The DOJ and Danco quickly appealed to the U.S. Supreme Court.

SCOTUS temporarily stayed the 5th Circuit's decision and requested more information.

"If allowed to take effect, the lower courts' orders would upend the regulatory regime for mifepristone, with sweeping consequences for the pharmaceutical industry, women who need access to the drug, and FDA's ability to implement its statutory authority," the DOJ argued in its appeal.

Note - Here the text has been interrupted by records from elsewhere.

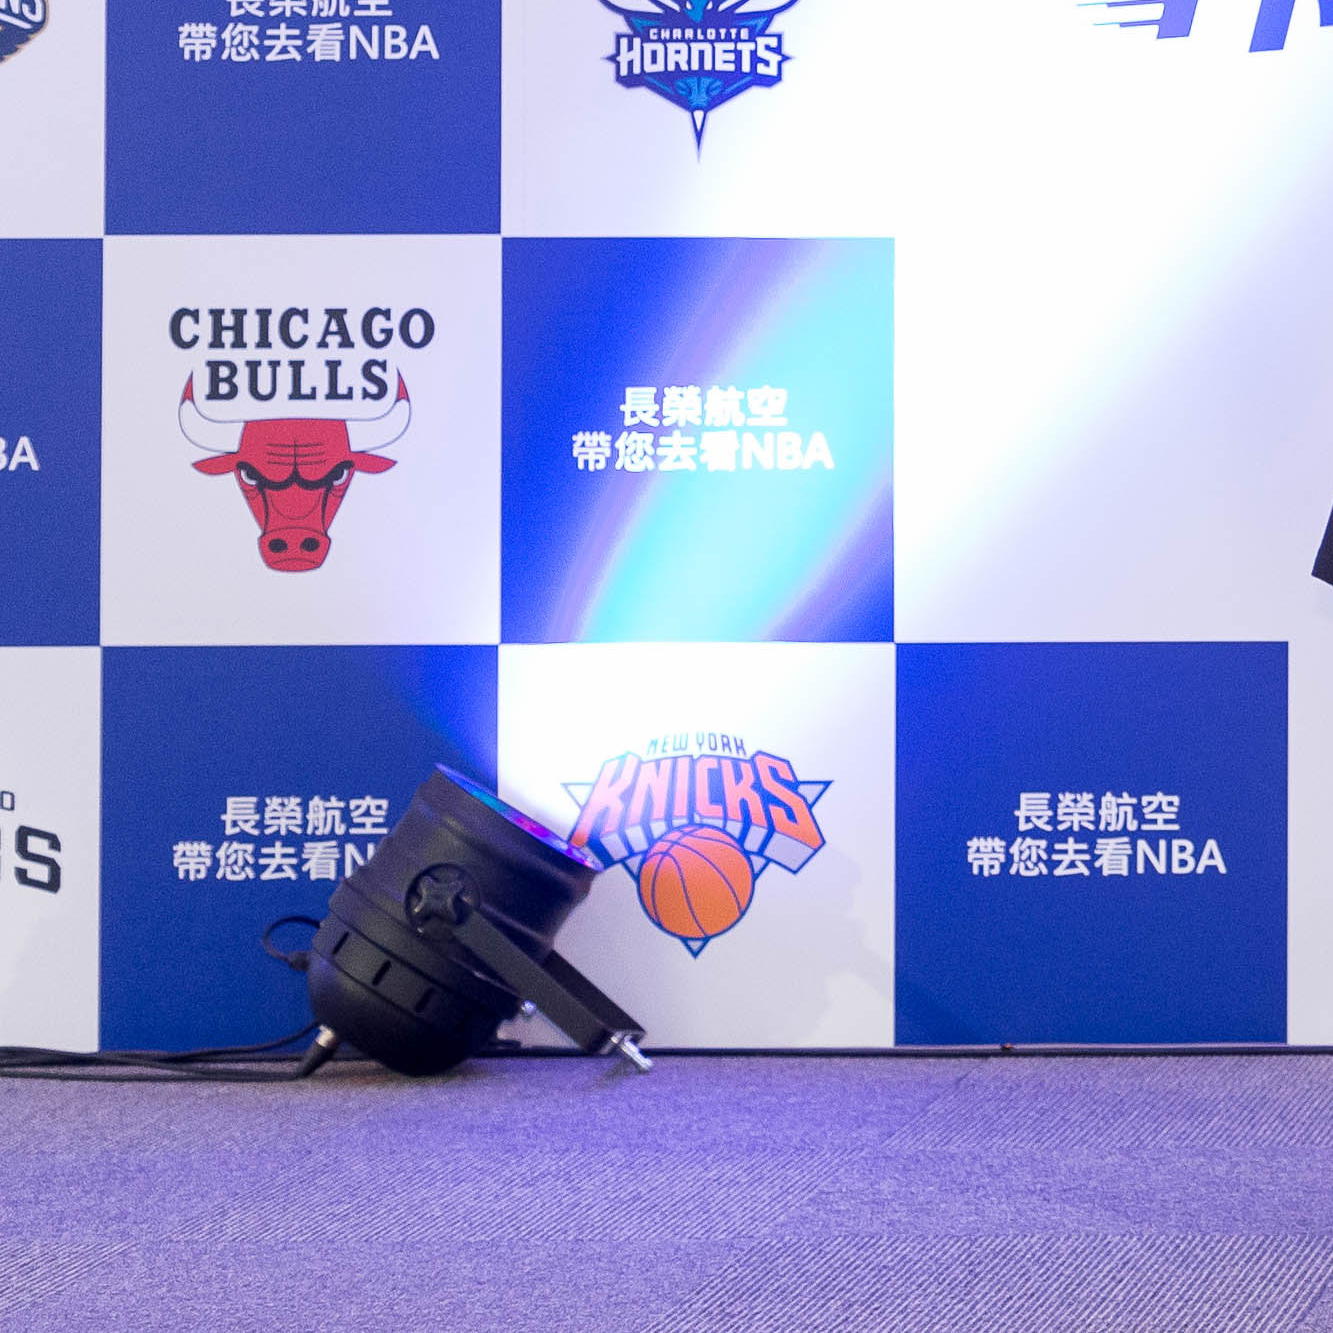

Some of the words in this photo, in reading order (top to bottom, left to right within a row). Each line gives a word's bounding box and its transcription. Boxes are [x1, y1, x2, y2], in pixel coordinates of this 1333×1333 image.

[178, 22, 440, 62] 帶您去看NBA
[649, 27, 749, 41] CHARLOTTE
[616, 36, 783, 77] HORNETS
[169, 307, 437, 351] CHICAGO
[204, 358, 390, 402] BULLS
[695, 731, 748, 757] YORK
[220, 795, 389, 836] 長榮航空
[568, 751, 826, 861] KNICKS
[1013, 791, 1180, 832] 長榮航空
[172, 840, 379, 882] 帶您去看N
[966, 836, 1227, 877] 帶您去看NBA

The DOJ asked the Supreme Court to "stay the district court's opinion in full and maintain the long-settled status quo pending the completion of orderly appellate review" or, barring that, "to grant an administrative stay" and then "set this case for expedited briefing and argument on a schedule that would allow it to be argued and decided before the Court's summer recess."

The plaintiffs in this case, represented by the Alliance Defending Freedom, argued that the Court should deny the government's motion. They also requested that if the Court did decide to do an expedited review of the case on its merits, it expand the questions presented to include, among other things, whether the Comstock Act's ban on mailing articles "intended for producing abortion" included mifepristone.

Last Friday, Justice Samuel Alito administratively stayed the district's court order through Wednesday, April 19, a stay that on Wednesday it extended through today.